Le PLQ «a toujours été nationaliste», a dit la députée de Marguerite-Bourgeoys aujourd'hui, à son arrivée au premier caucus libéral depuis l’élection, en rappelant la mémoire de l’ex-premier ministre.

Comme ses collègues, Hélène David a pris acte du recul important du vote francophone pour son parti. «Je pense que nous pouvons dire avec fierté la nation québécoise, et la souligner, et parler aux francophones, a dit la ministre sortante. Ce n’est pas normal que des francophones nous désertent, il faut aller leur parler. J’ai l’impression qu’on a raté notre coup, un peu, de ce côté-là.»

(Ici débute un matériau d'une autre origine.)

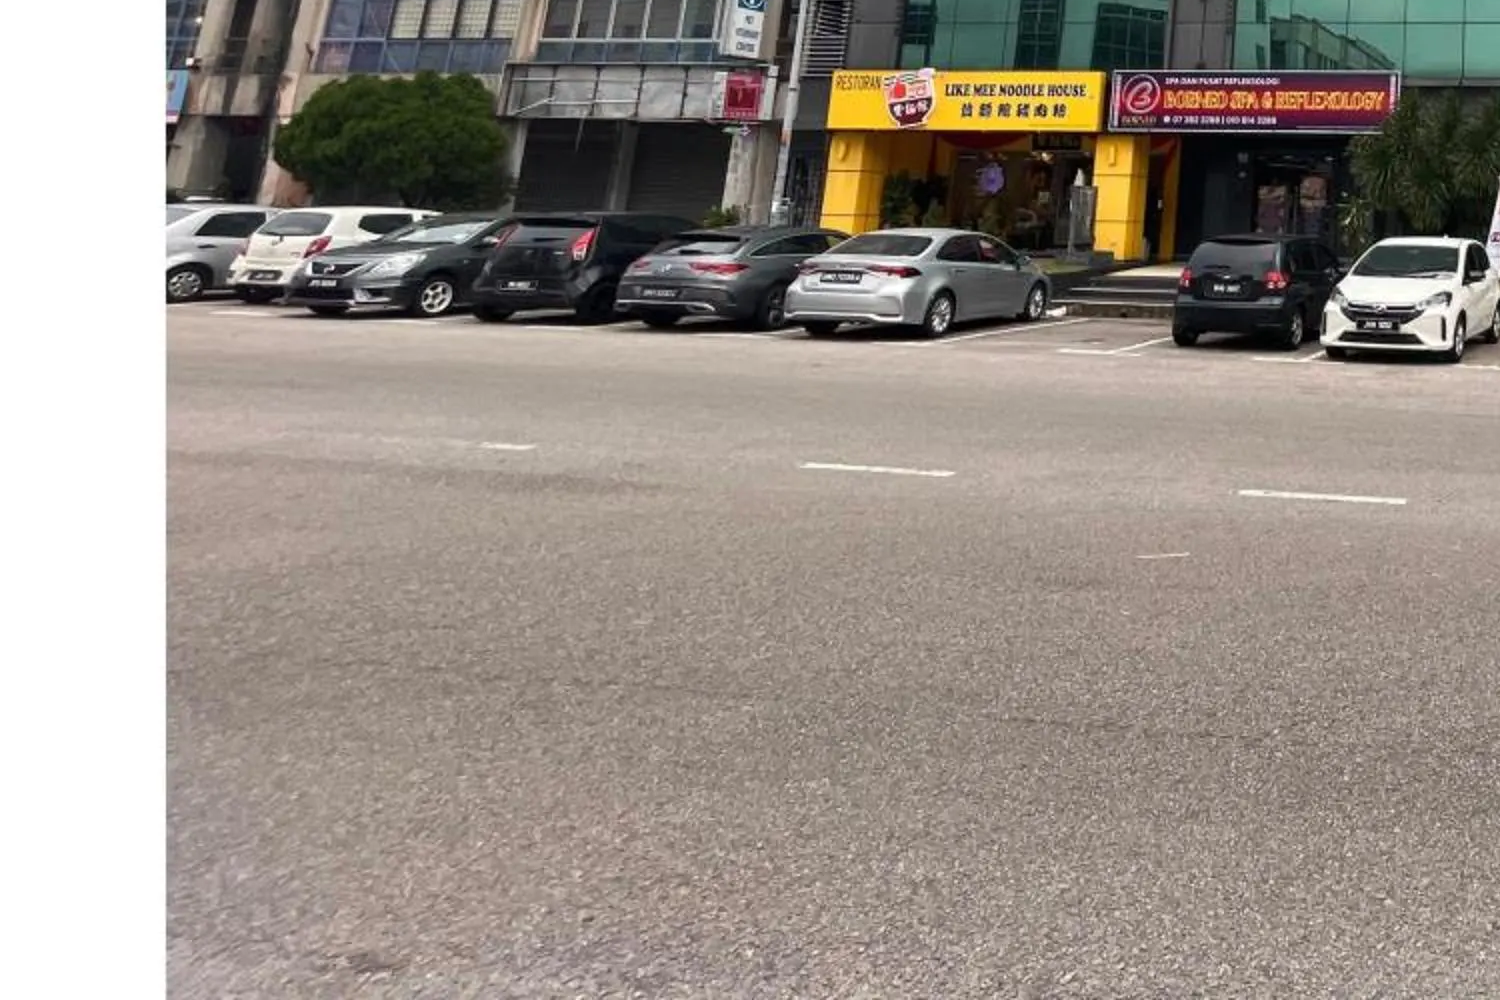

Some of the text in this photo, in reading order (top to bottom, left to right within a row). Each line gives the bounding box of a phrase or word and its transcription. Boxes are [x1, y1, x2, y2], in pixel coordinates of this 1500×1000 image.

[835, 75, 881, 90] RESTORAN
[945, 83, 1087, 97] LIKE MEE NOODLE HOUSE
[1230, 91, 1259, 109] SPA
[1261, 92, 1273, 108] &
[1275, 91, 1385, 110] REFLEXOLOGY

Le chef libéral démissionnaire, Philippe Couillard, a fréquemment été critiqué par les médias pour son manque de réflexes nationalistes.

Vote francophone

Le constat de la déconnexion entre le PLQ et les francophones était partagé ce matin parmi les élus libéraux. Le Journal rapportait ce matin que le parti a terminé quatrième dans 33 circonscriptions au scrutin de lundi, et troisième dans 16 circonscriptions.

«Il faut reconnecter avec les régions du Québec, reconnecter avec les sujets qui interpellent réellement la population, dit l’ex-ministre Dominique Anglade. Il faut vraiment prendre acte de ce qui s’est fait et faire un véritable post-mortem pour pouvoir ressauter et aller de l’avant.»Nouvellement élue, l’ex-présidente de l’Association des commissions scolaires anglophones du Québec souligne que plusieurs électeurs sont restés à la maison lundi dernier. «Les gens ne sont pas allés voter. Alors on doit trouver pourquoi ils ne sont pas allés voter. Est-ce parce que la souveraineté [du Québec] ne faisait pas partie de l’enjeu, alors les gens n’ont pas senti le besoin d’aller voter?» a dit Jennifer Maccarone.

Pour sa part, l’ex-président du PLQ, Saul Polo, observe que les gouvernements libéraux se sont éloignés du parti au fil des ans. «Des fois, un gouvernement se forme, les dirigeants de ce gouvernement s’affairent à diriger et à gouverner et on peut, des fois, se distancier, a dit le député de Laval-des-Rapides. Et moi, je peux vous dire que, comme militant de longue date, presque 15 ans, j’ai vécu [cette distanciation] au cours des dernières années, malgré le changement de la chefferie, malgré le renouvellement au sein du caucus.»

Il y a eu «des signes avant-coureurs», a-t-il dit, citant la désaffection des membres et la baisse de la participation des militants aux activités du PLQ.

Le Journal rapportait l’an dernier que le parti a vu son membership chuter de 40 000 membres depuis 10 ans, pour atteindre près de 30 000 militants.